I will try to keep this page up to date with how I am using certain gendered terms throughout my writing, since different sub-sub-subcommunities use different words differently
Lesbian (and subcategories)
Anyone who identifies as a lesbian, is a lesbian
Unless otherwise specified, I only use “trans lesbian” to refer to AMAB lesbians. Nonbinary AFAB lesbians who identify as trans, are still trans, but because it’s common for TERFs to bait-and-switch by claiming to include “trans lesbians” when they really only mean the AFAB ones, for clarity I refer to AFAB nonbinary lesbians as “nonbinary lesbians”.

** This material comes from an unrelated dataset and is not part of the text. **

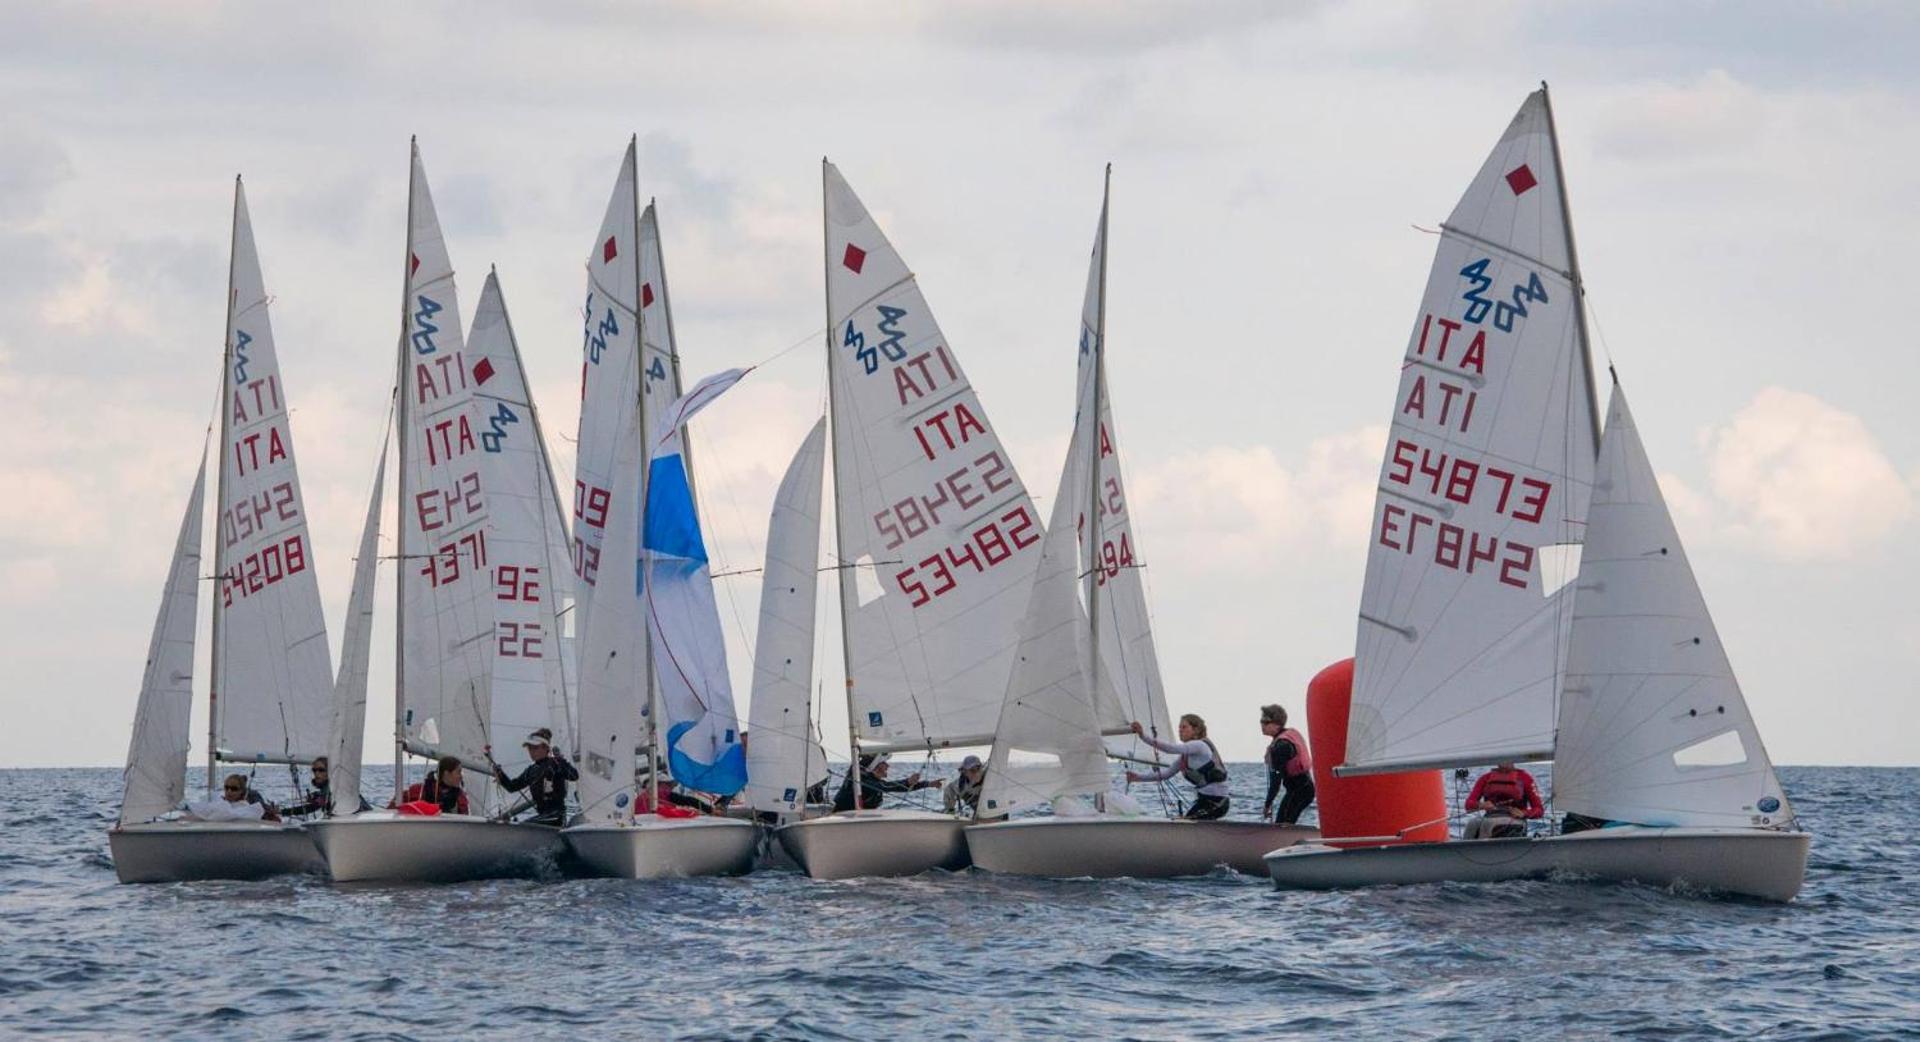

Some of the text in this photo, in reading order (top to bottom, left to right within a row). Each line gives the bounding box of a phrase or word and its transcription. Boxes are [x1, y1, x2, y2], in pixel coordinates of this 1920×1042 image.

Male and Female Refer to Gender Identity
“Biological sex” doesn’t exist. Individual biological features exist, and different bodies have different features. But the way that we group certain clusters of characteristics into a binary of “male/female”, or even a ternary of “male/female/intersex”, is socially constructed. This becomes clear when we consider how biologists use “male” and “female” in other species, including plants, that do not exhibit sexual dimorphism. If “biological sex” were merely descriptive, we would say that bees have three sexes (queen, worker, and drone). Instead, male/female is a binary that humans have crudely imposed on the physical world based on our preconceived notions of gender roles.
This means that “female” cannot be separated from “woman”. If a “female body” is a woman’s body, then trans women’s bodies are necessarily female. That said, I recognize there is variation in how individual trans people relate to “male” and “female” for themselves. So rather than categorically say “trans women are female”, I will leave it at trans women who identify as female, are by definition female-bodied.
In Female Masculinity
(Note: trans femininity is not an example of female masculinity. Only trans women who identify as masculine, are masculine.)
Jack Halberstam is most famous for his 1998 book “Female Masculinity”. Apparently there are TERFs who have latched onto this, but they have presumably not actually read the book, because he is very clear about what he means by “male” vs. “female”:
While many female-to-male transsexuals (FTMs) live out their masculinity in deliberately ambiguous bodies, many others desire complete transitions from female to male (and these people I will call transsexual males or transsexual men).
“Female Masculinity”, p. 154
We can infer – and this is consistent with the rest of the book – that when Halberstam says “female”, he does not mean AFAB. He means people who identify as female. Trans men who identify as male are expressly not “female”. Trans terminology has clearly changed somewhat since 1998, and in some places he does refer to “genetically female” and the like. But unless otherwise specified, we should assume that “female” includes, at a minimum, people who were assigned male at birth, identify as female, and have undergone medical transition.